当前位置:网站首页>Sorting and replying to questions related to transformer
Sorting and replying to questions related to transformer
2022-04-23 15:27:00 【moletop】
transformer
motivation :
RNN characteristic : Give you a sequence , The calculation is step by step from left to right . For sentences , It's a word by word , Right. t One word counts one ht, Also known as his hidden state , It's from the previous word ht-1 and Current t The word itself determines . In this way, the historical information learned before can be passed through ht-1 In the present , Then do some calculations with the current word and get the output .
problem : Because it's timing transmission , Lead to 1. Difficult to parallel 2. The early learned information will be lost , If you don't want to lose , That may require a big ht, But if you make one more big ht, Every time should be saved , The overhead of memory is relatively large .
——> Pure use attention Mechanism can greatly improve the parallelism
- Consider using CNN Replace the recurrent neural network :CNN It is difficult to model long sequences , Every convolution calculation is to look at a small window , Take pixels as an example , If two pixels are far apart , Then you need many layers of convolution , To fuse these two distant pixels . And for transformer Come on , I can see all the pixels at once , Relatively speaking, there is no such problem . But convolution has the advantage of being able to do multiple output channels . Each channel can think that it can recognize different patterns . therefore muti-headed attention To be mentioned , It is used to simulate the effect of multiple output channels of convolutional neural network , It can also be said to be a multi-scale concept , Let the model learn from multiple different scale spaces .
structure
encoder:
The left part ,N be equal to 6 Exactly the same layer Every layer There are two of them sub-layers. first sub-layer Namely multihead self attention, The second one is actually MLP. Then each sublayer is connected with a residual , Finally, I used one LayerNorm.
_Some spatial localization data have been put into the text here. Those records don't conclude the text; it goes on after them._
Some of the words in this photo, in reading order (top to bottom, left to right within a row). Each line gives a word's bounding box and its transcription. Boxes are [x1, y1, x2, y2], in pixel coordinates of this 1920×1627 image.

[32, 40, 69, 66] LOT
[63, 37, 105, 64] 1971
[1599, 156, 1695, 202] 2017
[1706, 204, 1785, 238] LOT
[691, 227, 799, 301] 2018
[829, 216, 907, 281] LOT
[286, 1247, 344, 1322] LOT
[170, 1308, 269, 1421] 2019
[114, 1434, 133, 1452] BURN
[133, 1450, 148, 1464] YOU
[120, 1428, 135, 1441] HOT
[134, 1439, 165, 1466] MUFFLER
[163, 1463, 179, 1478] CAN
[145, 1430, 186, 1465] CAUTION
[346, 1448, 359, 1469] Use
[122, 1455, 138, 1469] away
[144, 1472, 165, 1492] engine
So the output of each sublayer is LayerNorm(x + Sublayer (x)).
details : Because the input and output of the residual should be the same size , So for the sake of simplicity , The dimension of each output is not set 512, That is, every word , No matter what floor , It's all done 512 The length of a is . This and CNN perhaps MLP It's different , These two are either the dimension reduction or the dimension reduction of space , The dimension of the channel is pulled up . So this also makes the model relatively simpler , If you want to adjust parameters, just adjust this 512 And the one in front N = 6 Just fine .
Location code : There is no RNN Of transformer There seems to be no function to capture sequence information , It can't tell whether I bit the dog or the dog bit me . What shall I do? , The position information of the word can be combined when inputting the word vector , In this way, you can learn word order information
One way is to allocate one 0 To 1 The values between give each time step , among ,0 Indicates the first word ,1 Indicates the last word . Although this method is simple , But it will bring many problems . One of them is that you can't know how many words exist in a specific range . let me put it another way , The time step difference between different sentences has no meaning .
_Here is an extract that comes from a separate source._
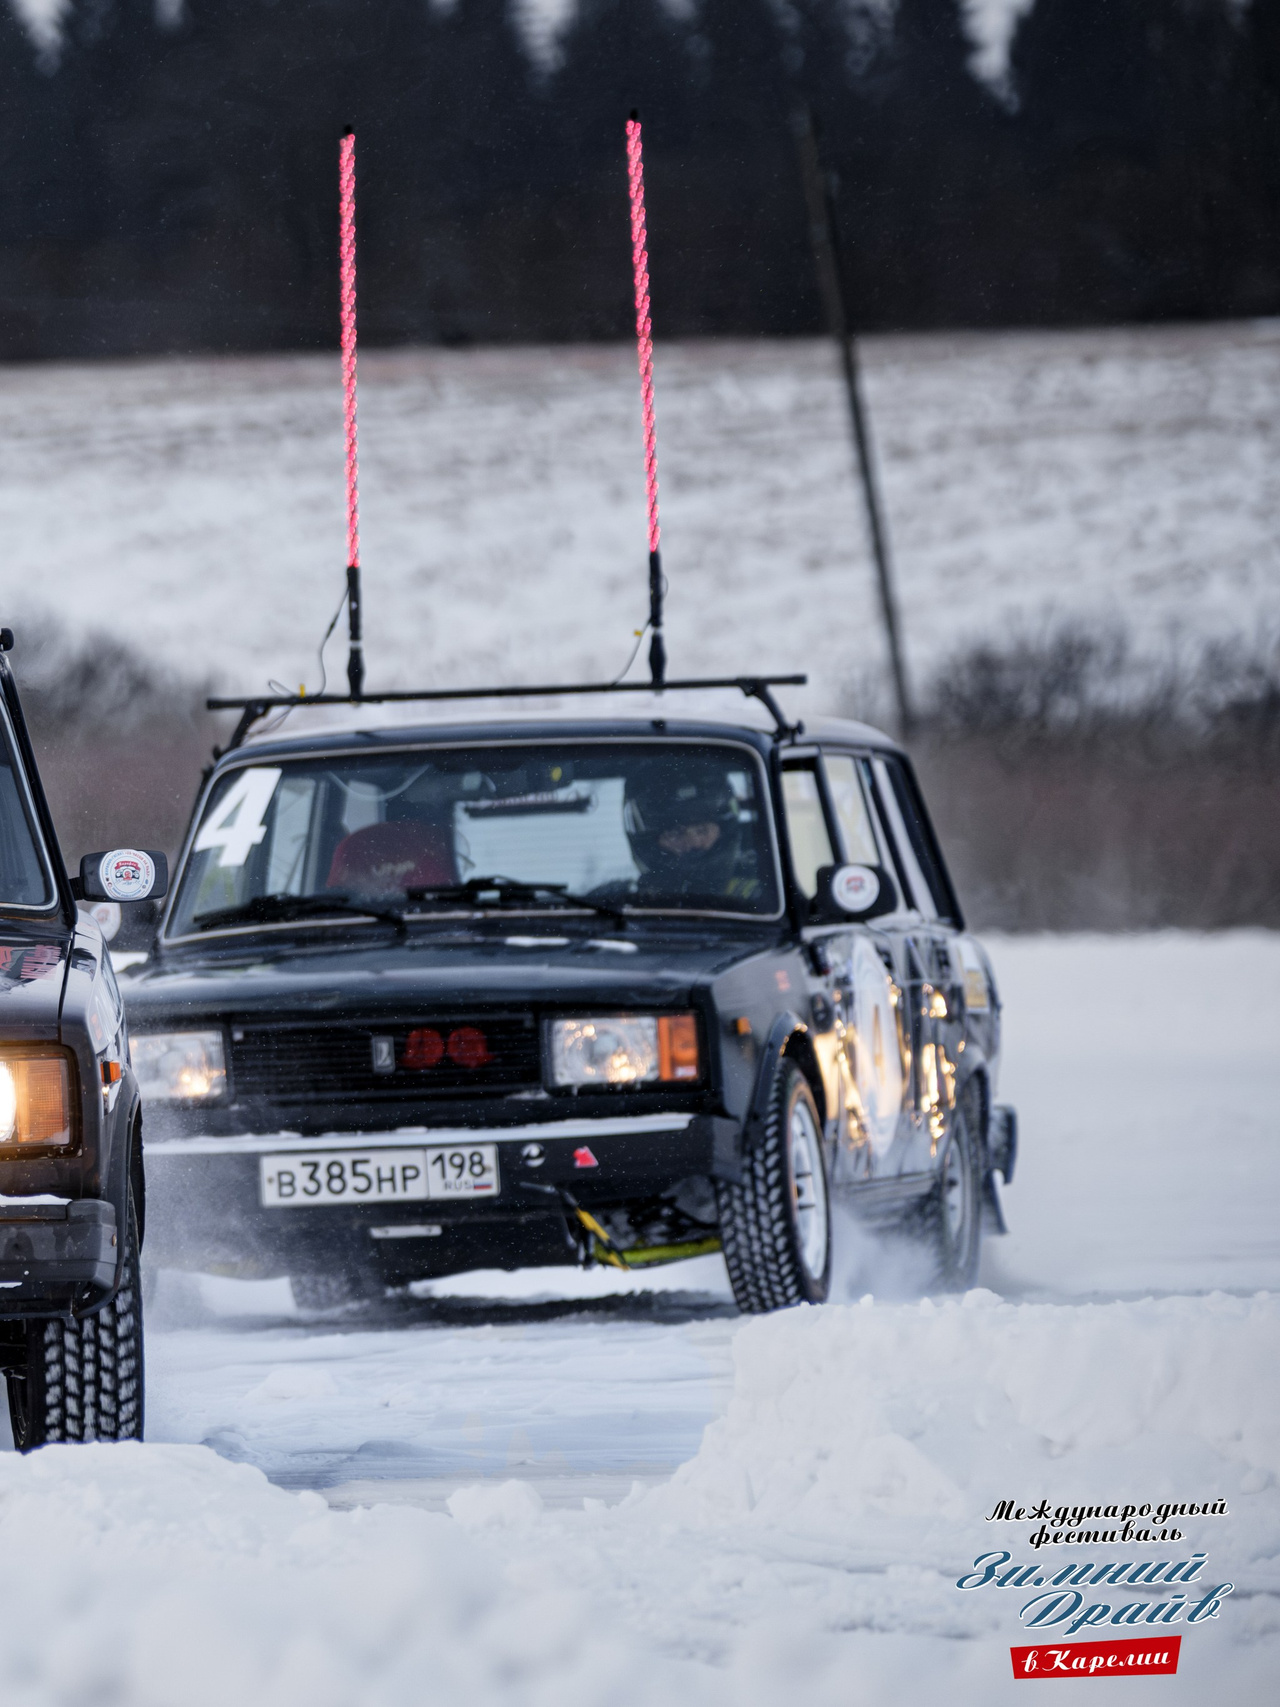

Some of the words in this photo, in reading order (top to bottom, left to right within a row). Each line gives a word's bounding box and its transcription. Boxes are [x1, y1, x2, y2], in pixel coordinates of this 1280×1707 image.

Another way is to linearly assign a value to each time step . That is to say ,1 Assign to the first word ,2 Assign to the second word , And so on . The problem with this approach is that , Not only will these values become very large , And the model will also encounter some sentences longer than all the sentences in the training . Besides , The data set does not necessarily contain sentences of corresponding length on all values , That is, the model probably hasn't seen any sample sentences of such length , This will seriously affect the generalization ability of the model .
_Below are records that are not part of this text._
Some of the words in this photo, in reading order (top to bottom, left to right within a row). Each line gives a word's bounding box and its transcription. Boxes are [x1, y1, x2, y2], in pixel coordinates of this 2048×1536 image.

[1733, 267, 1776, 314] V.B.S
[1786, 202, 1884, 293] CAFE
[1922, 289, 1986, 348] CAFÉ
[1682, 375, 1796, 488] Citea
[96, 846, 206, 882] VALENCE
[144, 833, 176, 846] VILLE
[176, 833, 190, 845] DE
In fact, the cycle is different sin and cos Calculated
decoder:
There is a third sublayer more than the encoder ( It's also a long attention mechanism , Residual error is also used , Also used layernorm) It's called masked muti-headed attention( Provide... For the next floor Q). The decoder uses an autoregressive , Some input of the current layer is the input of some time above , This means that when you make predictions , Of course, you can't see the output of those moments after . But do attention When , You can see the complete input , To avoid this happening , use mask The attention mechanism of . This ensures that the behavior is consistent when training and predicting .
Two kinds of mask:
1.padding mask: The length of the sequence we enter is not necessarily the same . For sequences longer than we expect , We just keep the content within the expected length . For a sequence whose length does not reach the desired length , We will use 0 To fill it , The position of filling is meaningless , We don't want attention The mechanism allocates any attention to it , So we add negative infinity to the filled position , Because we use it when calculating attention softmax function , Plus the position that is too negative infinity will be softmax Processing becomes 0).
2. For prediction mask: You can't see the following output .
LayerNorm
First look at batch Normlization
Be careful : Finally, add the scaling factor and translation factor ( Parameters are learned by yourself ). This is a In order to ensure that the expression ability of the model does not decline due to normalization . Because the upper neurons may be studying very hard , But no matter how it changes , The output results are processed before they are handed over to the lower neurons , Will be roughly readjusted to this fixed range . But not every sample is suitable for normalization , After some special samples are normalized . Lost his learning value . On the other hand, it is important to ensure the nonlinear expression ability . Normalization maps almost all data to the unsaturated region of the activation function ( Linear area ), Only the ability to change linearly . Only the ability to change linearly , Thus, the expression ability of neural network is reduced . And then change it , Then the data can be transformed from linear region to nonlinear region , Restore the expressiveness of the model .
Why layerNorm better :
Normlization Purpose : An albino , Make it independent and identically distributed
batch Normlization It is the same channel of different samples for normalization ,layer Normlization Different channels of the same sample are normalized . For a characteristic graph , The two just cut in different directions , A horizontal , A vertical .RNN Text network is not suitable for BN Why :Normalize The object of (position) From different distributions .CNN Use in BN, To a batch Every one of them channel Do standardization . The same of multiple training images channel, The probability comes from a similar distribution .( For example, the graph of a tree , Initial 3 individual channel yes 3 A color channel , Will have similar tree shape and color depth ).RNN Use in BN, To a batch Every one of them position Do standardization . Multiple sequence The same position, It's hard to say from a similar distribution .( For example, film reviews , However, various sentence patterns can be used , It is difficult for words in the same position to obey similar distribution ) therefore RNN in BN It's hard to learn the right μ and σ. But if you're in a single sample of yourself normlization Words , There is no such thing .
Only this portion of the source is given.